Waters, the chairwoman of the powerful House Financial Services Committee, told CNN Business she will likely hold three hearings, with the first one occurring Thursday. Subsequent hearings could focus on expert testimony and potential legislation, Waters said.
“The size of the occurrence is such that we need to put substantive time on it,” Waters said in an interview, “to make sure we understand exactly what happened, how it happened and whether or not there are conflicts of interest, collusion or other things that need to be taken care of.”
Waters, a Democrat from California, sees Thursday’s hearing as “informational,” focused on identifying what actions were taken and by whom.
The virtual hearing will feature testimony from Robinhood CEO Vlad Tenev, hedge fund billionaire Ken Griffin of Citadel, Reddit CEO Steve Huffman and Melvin Capital CEO Gabriel Plotkin. Keith Gill, a trader whose posts on the WallStreetBets subreddit helped fuel the GameStop boom, is also scheduled to testify, as well as Jennifer Schulp — director of financial regulation studies at the Cato Institute.
The hearing is being driven by concerns in Washington about the fundamental fairness of the modern market. The GameStop trading frenzy shined a bright light on the free trading boom set off by Robinhood, the role of high-speed trading firms like Griffin’s Citadel Securities and the populist angst at the heart of the Reddit mob.
New laws on the way?
In a second hearing, Waters said she plans to bring in experts, including from Wall Street’s self-regulator, who can talk about the role of hedge funds and the democratization of trading.

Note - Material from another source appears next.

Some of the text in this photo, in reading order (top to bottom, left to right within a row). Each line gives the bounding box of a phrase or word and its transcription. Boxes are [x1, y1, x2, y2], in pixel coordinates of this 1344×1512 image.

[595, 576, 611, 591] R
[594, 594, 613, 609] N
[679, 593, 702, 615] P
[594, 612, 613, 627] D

A third hearing would likely be focused on potential legislation, although Waters declined to pre-judge what new laws might be required.
“I don’t come with any foregone conclusions,” Waters said.

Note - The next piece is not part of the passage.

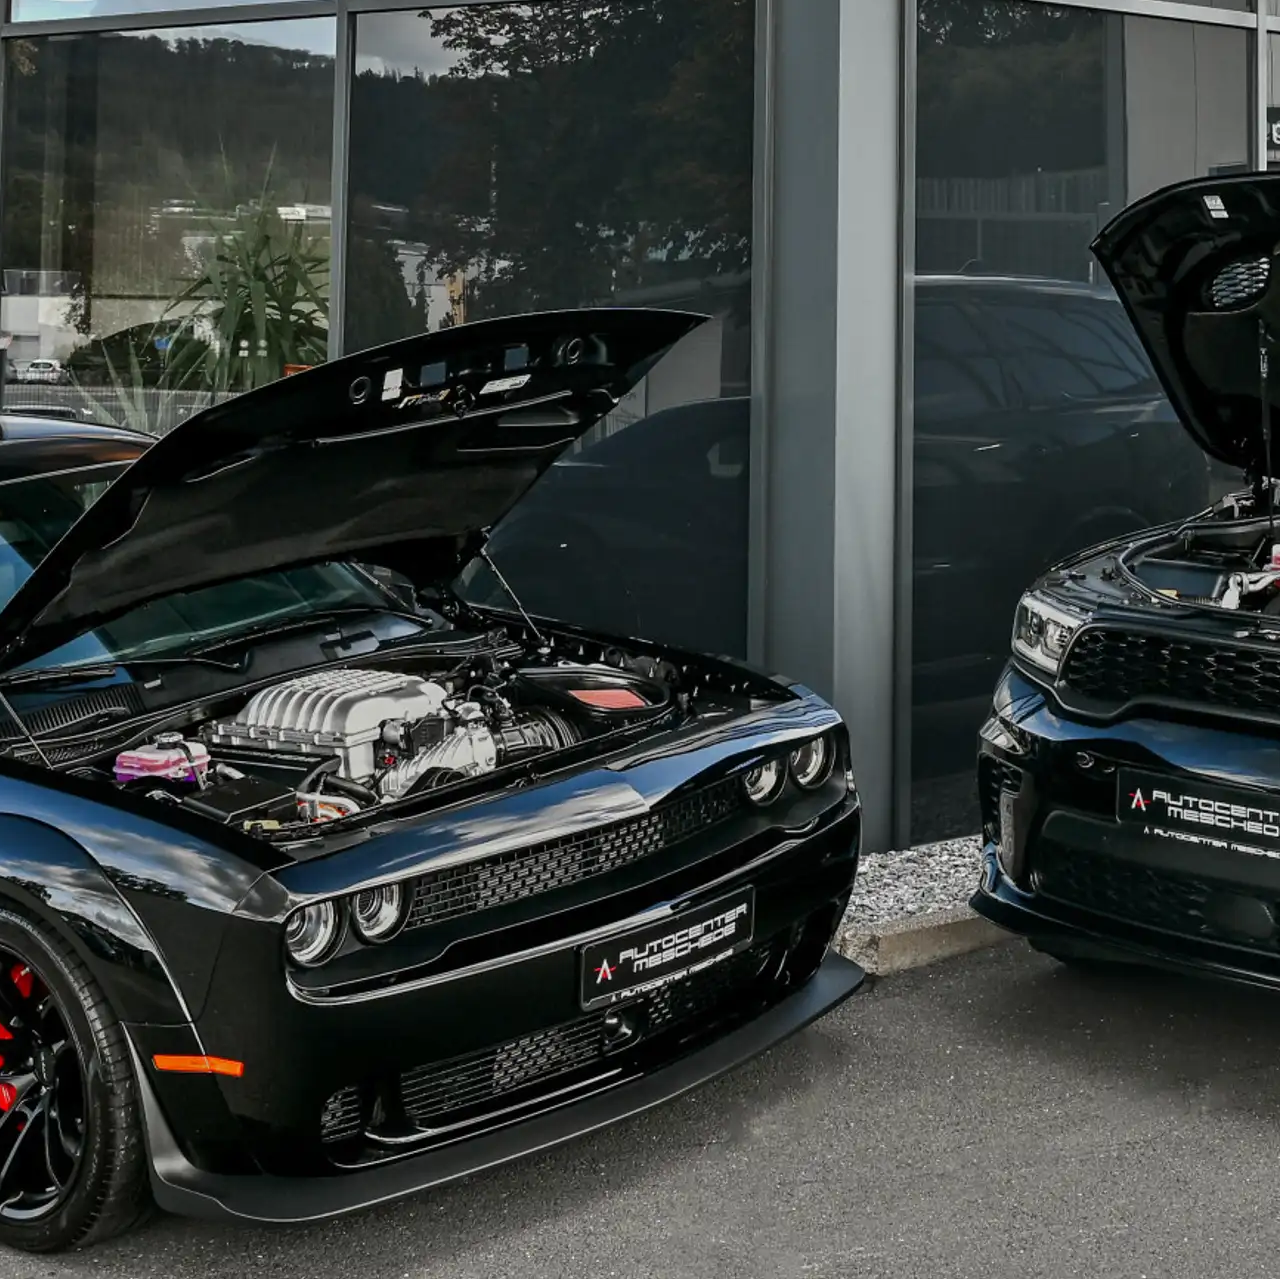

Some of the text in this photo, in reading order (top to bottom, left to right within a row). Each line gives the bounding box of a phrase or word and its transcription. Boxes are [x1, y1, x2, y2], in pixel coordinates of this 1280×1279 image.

Potential legislative fixes that have been floated include outlawing payment for order flow, the controversial practice in which brokers like Robinhood route retail trades to high-speed trading firms such as Citadel Securities.
Some analysts are skeptical that lawmakers will be able to break new ground in the hearing because of the large number of witnesses and complex nature of market structure.
Waters promised to crack down on market jargon.
“If people start with Wall Street-speak,” she said, “I’m going to stop them and ask them to rephrase in words everyone will understand.”